The pleasure of a brief encounter.
I’ve lost count of the number of times I’ve been asked to recommend a garden plant that is evergreen and will flower all the year round. In mischievous mood, I’m tempted to suggest gorse. ‘When gorse is in bloom, kissing is in season’ goes the old saw. The country folk of yore were more observant than the townies of today, as they knew that the spiky bush is seldom without at least one or two of those bright yellow flowers that are scented so deliciously of coconut.
However, the truth of the matter is that flowers that bloom all the year round would quickly pall. We need variety in our gardens and, for me, our cool, temperate climate, with its endless seasonality, is a rich blessing.
At the opposite end of the flowering spectrum are beauties that have but a single, spectacular season.
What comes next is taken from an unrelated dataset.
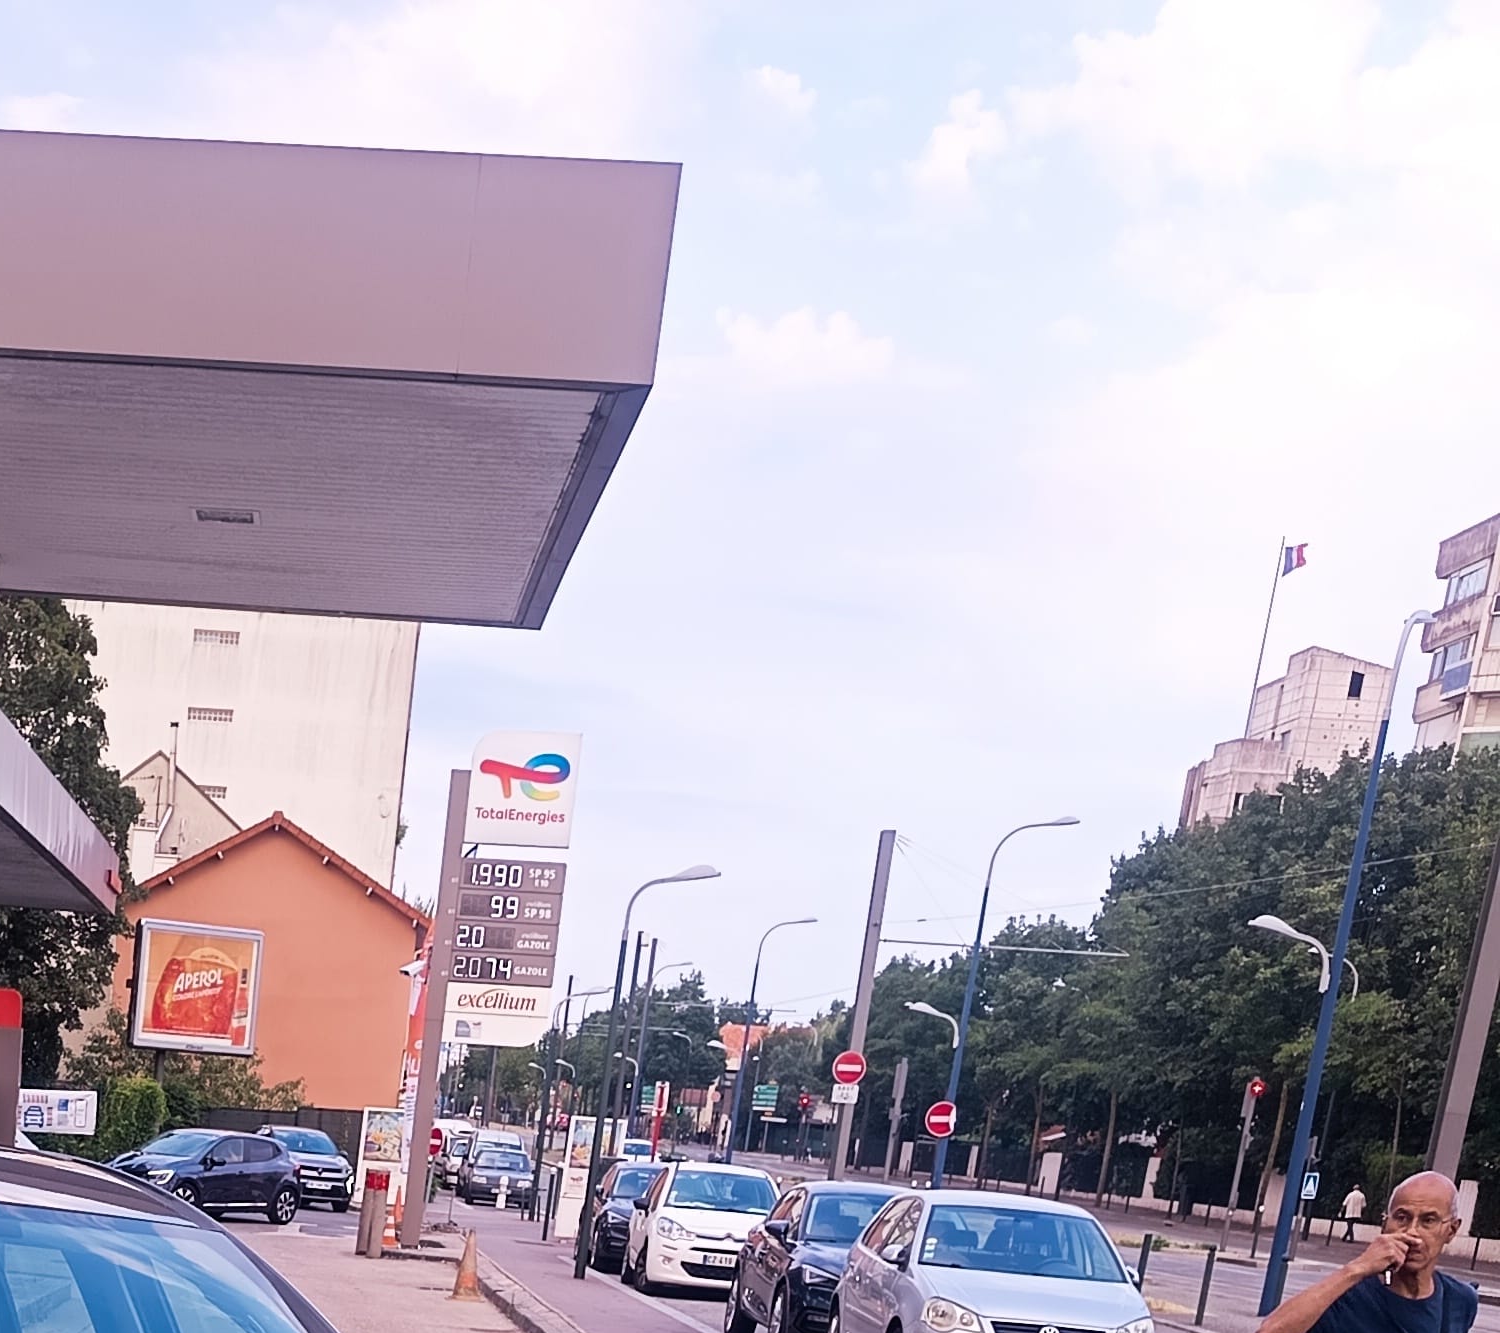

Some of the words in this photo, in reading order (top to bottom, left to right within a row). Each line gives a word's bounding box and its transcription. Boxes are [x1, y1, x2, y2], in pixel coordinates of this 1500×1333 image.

For me, they are prized treasures, not to be spurned, but to be anticipated eagerly, as although they may bloom only fleetingly, they are all the more appreciated. These firework plants are the leavening of the loaf, a fleeting treat without which life would be all the poorer.
An accusation frequently directed at peonies, for example, is that their flowering season is too brief. I have friends who will have no truck with them, saying that, for all their spectacle, their season of beauty is so short as to be laughable. Oh, but a late spring without Sarah Bernhardt in her soft, double-pink glory that is the floral equivalent of Fragonard’s The Swing, Coral Sunset with its astonishing salmon-pink goblets or Bowl of Beauty, a nest of creamy white icicles held in a dish of pink, would be a poorer season.
There are rich-crimson peonies and there are those of pure white. There are singles with a central boss of gold or cream and others that are so double the petals seem impossible to count. Plant them where they can show off when in bloom and where other plants will make up for their dullness when the blooms fade and you can mask their deficiencies without depriving yourself of their Maytime delight.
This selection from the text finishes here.